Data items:
★ ★ ★ ★ ★ ★ ★
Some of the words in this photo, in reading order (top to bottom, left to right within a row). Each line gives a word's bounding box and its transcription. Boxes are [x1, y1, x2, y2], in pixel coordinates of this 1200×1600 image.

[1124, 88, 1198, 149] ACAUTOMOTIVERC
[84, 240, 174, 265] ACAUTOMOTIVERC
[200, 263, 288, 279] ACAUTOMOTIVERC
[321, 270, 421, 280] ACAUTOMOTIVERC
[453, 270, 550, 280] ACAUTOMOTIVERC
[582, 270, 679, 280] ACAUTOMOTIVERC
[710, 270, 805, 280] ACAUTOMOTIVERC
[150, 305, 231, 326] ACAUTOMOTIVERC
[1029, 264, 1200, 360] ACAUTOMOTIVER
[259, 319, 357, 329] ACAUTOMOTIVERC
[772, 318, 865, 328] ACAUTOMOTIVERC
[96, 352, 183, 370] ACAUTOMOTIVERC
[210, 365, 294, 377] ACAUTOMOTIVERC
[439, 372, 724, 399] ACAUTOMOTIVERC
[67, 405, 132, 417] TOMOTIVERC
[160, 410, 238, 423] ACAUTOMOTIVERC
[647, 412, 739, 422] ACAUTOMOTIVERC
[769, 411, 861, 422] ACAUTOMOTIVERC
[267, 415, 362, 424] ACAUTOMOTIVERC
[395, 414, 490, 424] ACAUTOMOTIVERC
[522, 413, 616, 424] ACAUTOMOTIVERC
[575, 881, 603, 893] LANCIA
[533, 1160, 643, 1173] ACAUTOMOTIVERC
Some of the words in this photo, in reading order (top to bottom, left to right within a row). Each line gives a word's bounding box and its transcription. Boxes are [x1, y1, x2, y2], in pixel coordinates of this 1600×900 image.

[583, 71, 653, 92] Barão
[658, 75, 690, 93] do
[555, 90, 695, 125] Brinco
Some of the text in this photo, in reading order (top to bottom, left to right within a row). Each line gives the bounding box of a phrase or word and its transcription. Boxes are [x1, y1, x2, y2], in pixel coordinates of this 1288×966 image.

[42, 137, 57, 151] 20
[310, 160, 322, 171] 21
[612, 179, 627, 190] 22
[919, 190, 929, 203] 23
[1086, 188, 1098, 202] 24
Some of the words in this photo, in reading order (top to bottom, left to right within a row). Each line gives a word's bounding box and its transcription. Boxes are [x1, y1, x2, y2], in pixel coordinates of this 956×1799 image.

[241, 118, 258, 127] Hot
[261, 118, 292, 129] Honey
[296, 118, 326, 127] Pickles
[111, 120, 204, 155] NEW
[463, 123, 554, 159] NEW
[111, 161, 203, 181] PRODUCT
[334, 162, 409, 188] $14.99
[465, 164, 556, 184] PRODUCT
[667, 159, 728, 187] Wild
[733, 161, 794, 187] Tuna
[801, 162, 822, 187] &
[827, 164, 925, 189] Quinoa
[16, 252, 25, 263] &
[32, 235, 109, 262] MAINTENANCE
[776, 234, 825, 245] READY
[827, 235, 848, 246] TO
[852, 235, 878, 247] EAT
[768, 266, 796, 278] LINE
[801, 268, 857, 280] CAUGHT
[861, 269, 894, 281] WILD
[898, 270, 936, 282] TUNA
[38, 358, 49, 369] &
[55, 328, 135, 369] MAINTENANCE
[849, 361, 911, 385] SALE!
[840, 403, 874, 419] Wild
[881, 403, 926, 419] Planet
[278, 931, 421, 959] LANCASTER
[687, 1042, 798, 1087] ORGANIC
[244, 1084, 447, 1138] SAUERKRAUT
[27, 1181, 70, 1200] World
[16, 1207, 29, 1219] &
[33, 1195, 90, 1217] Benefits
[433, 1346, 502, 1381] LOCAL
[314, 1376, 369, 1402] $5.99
★ ★ ★ ★ ★ ★ ★
TASK PROMPT:
Retype the records above exactly.

SOLVED PROBLEM:
Some of the words in this photo, in reading order (top to bottom, left to right within a row). Each line gives a word's bounding box and its transcription. Boxes are [x1, y1, x2, y2], in pixel coordinates of this 1200×1600 image.

[1124, 88, 1198, 149] ACAUTOMOTIVERC
[84, 240, 174, 265] ACAUTOMOTIVERC
[200, 263, 288, 279] ACAUTOMOTIVERC
[321, 270, 421, 280] ACAUTOMOTIVERC
[453, 270, 550, 280] ACAUTOMOTIVERC
[582, 270, 679, 280] ACAUTOMOTIVERC
[710, 270, 805, 280] ACAUTOMOTIVERC
[150, 305, 231, 326] ACAUTOMOTIVERC
[1029, 264, 1200, 360] ACAUTOMOTIVER
[259, 319, 357, 329] ACAUTOMOTIVERC
[772, 318, 865, 328] ACAUTOMOTIVERC
[96, 352, 183, 370] ACAUTOMOTIVERC
[210, 365, 294, 377] ACAUTOMOTIVERC
[439, 372, 724, 399] ACAUTOMOTIVERC
[67, 405, 132, 417] TOMOTIVERC
[160, 410, 238, 423] ACAUTOMOTIVERC
[647, 412, 739, 422] ACAUTOMOTIVERC
[769, 411, 861, 422] ACAUTOMOTIVERC
[267, 415, 362, 424] ACAUTOMOTIVERC
[395, 414, 490, 424] ACAUTOMOTIVERC
[522, 413, 616, 424] ACAUTOMOTIVERC
[575, 881, 603, 893] LANCIA
[533, 1160, 643, 1173] ACAUTOMOTIVERC
Some of the words in this photo, in reading order (top to bottom, left to right within a row). Each line gives a word's bounding box and its transcription. Boxes are [x1, y1, x2, y2], in pixel coordinates of this 1600×900 image.

[583, 71, 653, 92] Barão
[658, 75, 690, 93] do
[555, 90, 695, 125] Brinco
Some of the text in this photo, in reading order (top to bottom, left to right within a row). Each line gives the bounding box of a phrase or word and its transcription. Boxes are [x1, y1, x2, y2], in pixel coordinates of this 1288×966 image.

[42, 137, 57, 151] 20
[310, 160, 322, 171] 21
[612, 179, 627, 190] 22
[919, 190, 929, 203] 23
[1086, 188, 1098, 202] 24
Some of the words in this photo, in reading order (top to bottom, left to right within a row). Each line gives a word's bounding box and its transcription. Boxes are [x1, y1, x2, y2], in pixel coordinates of this 956×1799 image.

[241, 118, 258, 127] Hot
[261, 118, 292, 129] Honey
[296, 118, 326, 127] Pickles
[111, 120, 204, 155] NEW
[463, 123, 554, 159] NEW
[111, 161, 203, 181] PRODUCT
[334, 162, 409, 188] $14.99
[465, 164, 556, 184] PRODUCT
[667, 159, 728, 187] Wild
[733, 161, 794, 187] Tuna
[801, 162, 822, 187] &
[827, 164, 925, 189] Quinoa
[16, 252, 25, 263] &
[32, 235, 109, 262] MAINTENANCE
[776, 234, 825, 245] READY
[827, 235, 848, 246] TO
[852, 235, 878, 247] EAT
[768, 266, 796, 278] LINE
[801, 268, 857, 280] CAUGHT
[861, 269, 894, 281] WILD
[898, 270, 936, 282] TUNA
[38, 358, 49, 369] &
[55, 328, 135, 369] MAINTENANCE
[849, 361, 911, 385] SALE!
[840, 403, 874, 419] Wild
[881, 403, 926, 419] Planet
[278, 931, 421, 959] LANCASTER
[687, 1042, 798, 1087] ORGANIC
[244, 1084, 447, 1138] SAUERKRAUT
[27, 1181, 70, 1200] World
[16, 1207, 29, 1219] &
[33, 1195, 90, 1217] Benefits
[433, 1346, 502, 1381] LOCAL
[314, 1376, 369, 1402] $5.99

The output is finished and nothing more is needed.